Date of this Version



Cancer Prev Res (Phila). 2013 October ; 6(10): 1101–1110. doi:10.1158/1940-6207.CAPR-13-0127.


Published by American Association for Cancer Research. Used by permission.


Effective vaccination is now available to prevent human papillomavirus (HPV), the most common sexually transmitted infection and cause of cervical cancer. This study aimed to estimate the prevalence of HPV vaccination among childhood cancer survivors and identify factors associated with HPV vaccine initiation and completion.
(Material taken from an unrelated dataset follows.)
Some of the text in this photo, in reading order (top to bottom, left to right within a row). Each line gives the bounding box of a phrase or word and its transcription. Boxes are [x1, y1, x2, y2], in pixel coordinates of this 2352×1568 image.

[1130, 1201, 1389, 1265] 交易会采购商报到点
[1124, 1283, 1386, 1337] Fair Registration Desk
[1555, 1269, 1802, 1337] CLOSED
Mothers of daughters aged 9–17 years with/without a history of childhood cancer (n = 235, Mage= 13.2 years, SD= 2.69; n = 70, Mage= 13.3 years, SD=2.47, respectively) completed surveys querying HPV vaccination initiation and completion along with socio-demographic, medical, HPV knowledge and communication, and health belief factors, which may relate to vaccination outcomes. Multivariate logistic regression was utilized to identify factors which associate with HPV vaccination initiation and completion. Among cancer survivors, 32.6% initiated and 17.9% completed the 3-dose vaccine series, whereas 34.3% and 20.0% of controls initiated and completed, respectively. Univariate analyses indicated no differences between cancer/no cancer groups on considered risk factors. Among all participants, multivariate logistic regression analyses found vaccine initiation associated with older age of daughter and physician recommendation, while increased perceived barriers associated with a decreased likelihood of initiation (all Ps < .05). Among those having initiated, risk factors for non-completion included being non-white, increased perceived severity of HPV, and increased perceived barriers to vaccination (all Ps < .05). A minority of adolescents surviving childhood cancer have completed vaccination despite their increased risk for HPV-related complication. These results inform the prioritization of strategies to be included in vaccine promotion efforts.